Overview

A Study of AK0529 in Chinese Infants Hospitalized With RSV

Status:
Recruiting

Trial end date:
2022-05-31

Target enrollment:
0

Participant gender:
All

Summary

This is a randomized, double-blind, placebo-controlled, multicenter, phase III study to be conducted in infants hospitalized with RSV infection in China. The main objectives of this study are to investigate the efficacy and safety of AK0529 in Chinese infants.

Phase:

Phase 3

Accepts Healthy Volunteers?

Details

Lead Sponsor:

Ark Biosciences Inc.

Collaborator:

Shanghai Ark Biopharmaceutical Co., Ltd.

Treatments:

Ziresovir

Criteria

Inclusion Criteria:

- Male or female patients of any ethnicity with an age adjusted for any prematurity of
≥1 month and ≤24 months.

- Diagnosis of RSV infection by any virological means within 36 hours preceding initial
dosing.

- Onset of RSV infection symptoms should be ≤ 5 days.

- Patient must weigh ≥ 2.5 kg and ≤ 20 kg at screening.

- Patient must have a bronchiolitis score ≥ 5.

- The parent/legal guardian must have provided written informed consent for the patient
to participate.

Exclusion Criteria:

- The patient has taken any restricted medications within 3 days prior to the date of
screening or requires any restricted medications during treatment phase.

- Patient is known to be HIV-positive (or the mother, if the potential patient is a
child aged <6 months).

- Requires vasopressors or inotropic support at the time of enrollment.

- Concurrent gastrointestinal conditions that could seriously, in the opinion of the
investigator, prejudice absorption of the Investigational Medicinal Product.

- Bronchopulmonary dysplasia requiring assisted ventilation.

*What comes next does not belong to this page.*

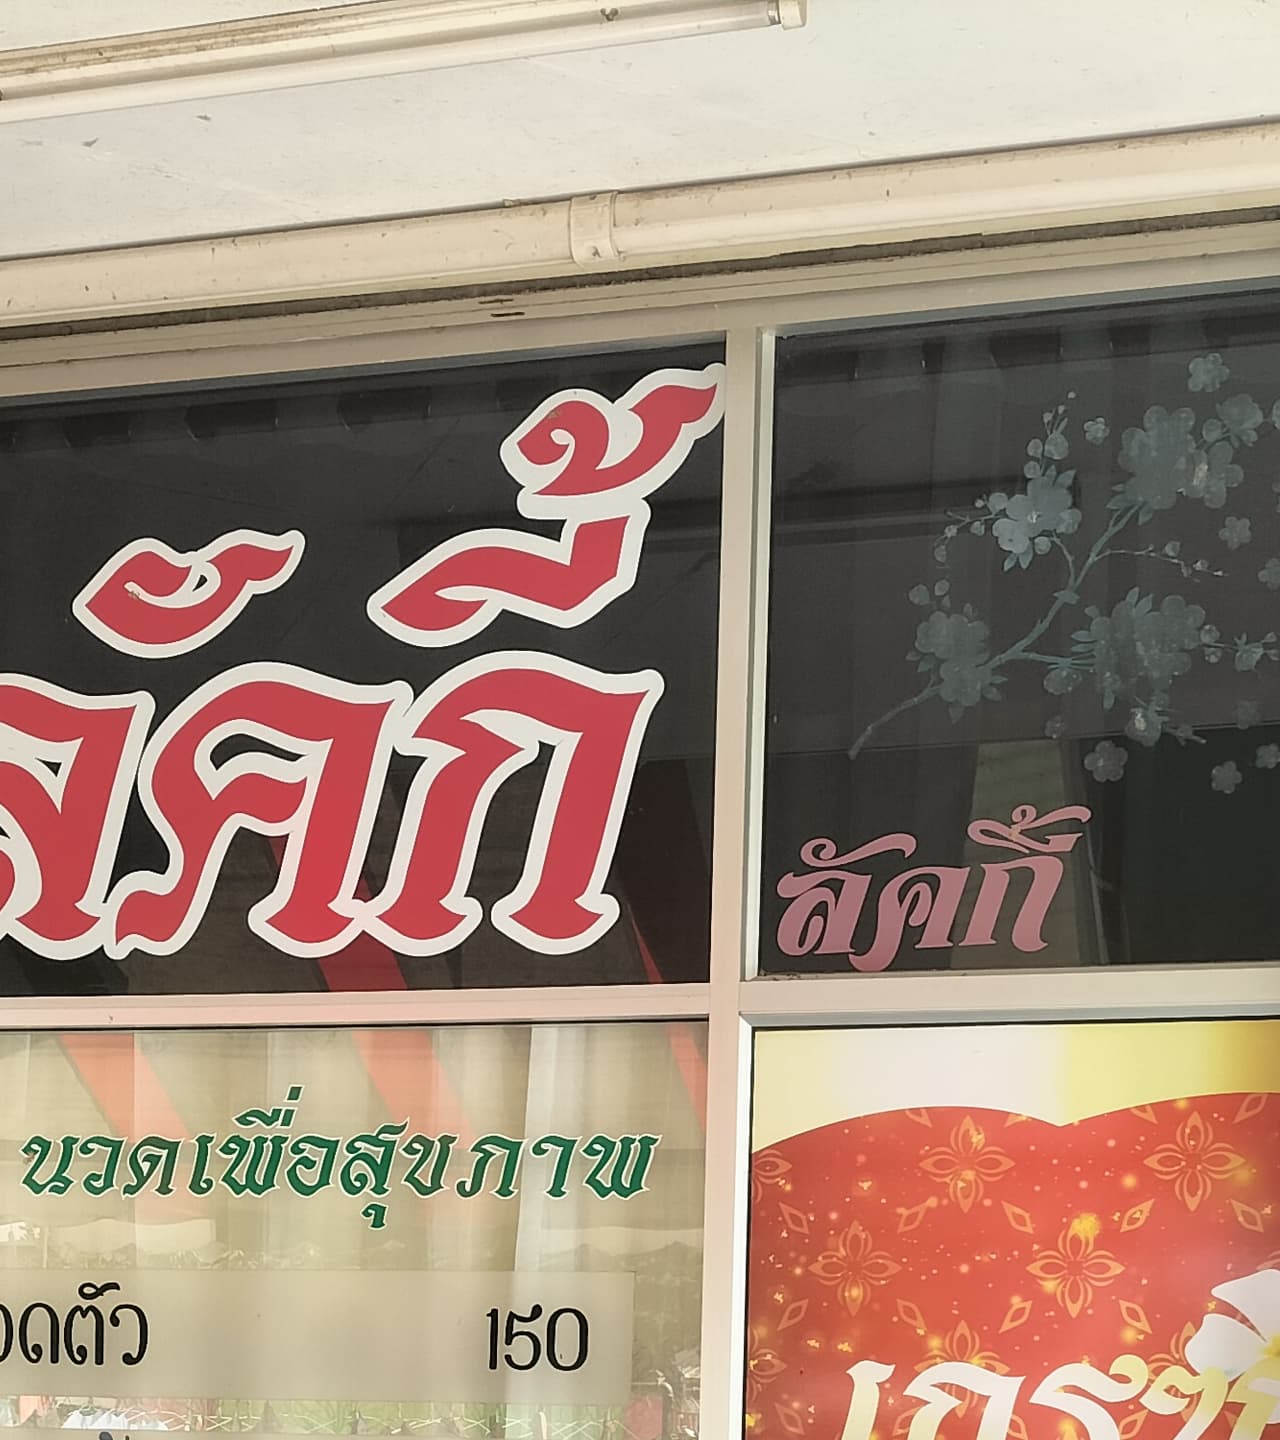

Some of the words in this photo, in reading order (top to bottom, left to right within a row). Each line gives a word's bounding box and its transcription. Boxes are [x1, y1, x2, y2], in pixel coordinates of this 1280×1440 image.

[776, 804, 1092, 972] ลัคกี้
[20, 1085, 663, 1231] นวดเพื่อสุขภาพ
[485, 1306, 590, 1373] 150

- Patient is at risk for hypercapnia.

- Symptomatic because of inborn errors of metabolism.

- Chronic or persistent feeding difficulties.

- Suspected or known to have congenital acquired immunodeficiency.

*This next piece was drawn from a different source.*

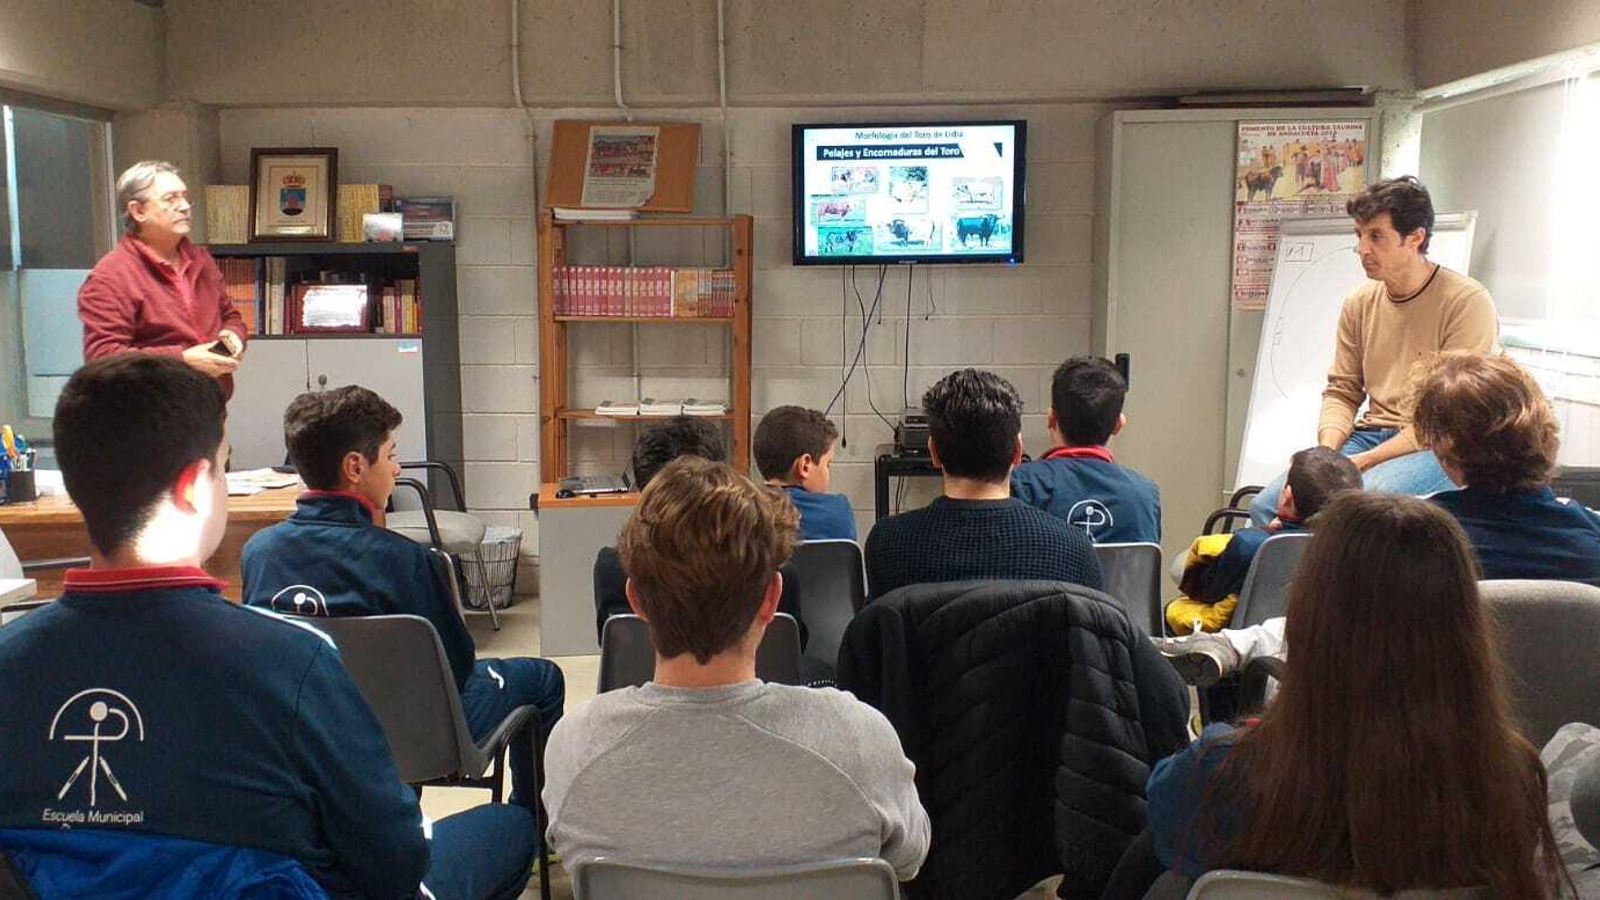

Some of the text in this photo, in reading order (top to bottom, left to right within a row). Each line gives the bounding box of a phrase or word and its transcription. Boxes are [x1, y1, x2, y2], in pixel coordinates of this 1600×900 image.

[900, 131, 912, 139] del
[823, 146, 960, 160] Pelajes y Encornaduras del Toro
[42, 808, 144, 825] Escuela Municipal

- Any active or uncontrolled respiratory, cardiac, hepatic, central nervous system or
renal disease unrelated to RSV infection at baseline or any other medical condition
that in the opinion of the investigator renders the patient unsuitable for enrollment.

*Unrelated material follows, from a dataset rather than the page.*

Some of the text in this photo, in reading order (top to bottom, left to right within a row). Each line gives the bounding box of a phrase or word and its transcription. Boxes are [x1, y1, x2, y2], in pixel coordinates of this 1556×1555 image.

- A history of epilepsy or seizures.

- A history of high allergies.

- The patient's parent or legally acceptable representative is an employee of the
investigator or the study center with direct involvement in the proposed study or
other studies under the direction of that investigator of the study center, or any
family members of the employees or the investigator.

- Participation in an investigational drug or device study within 30 days prior to the
date of screening.

- Failure to satisfy the investigator of fitness to participate for any other reason.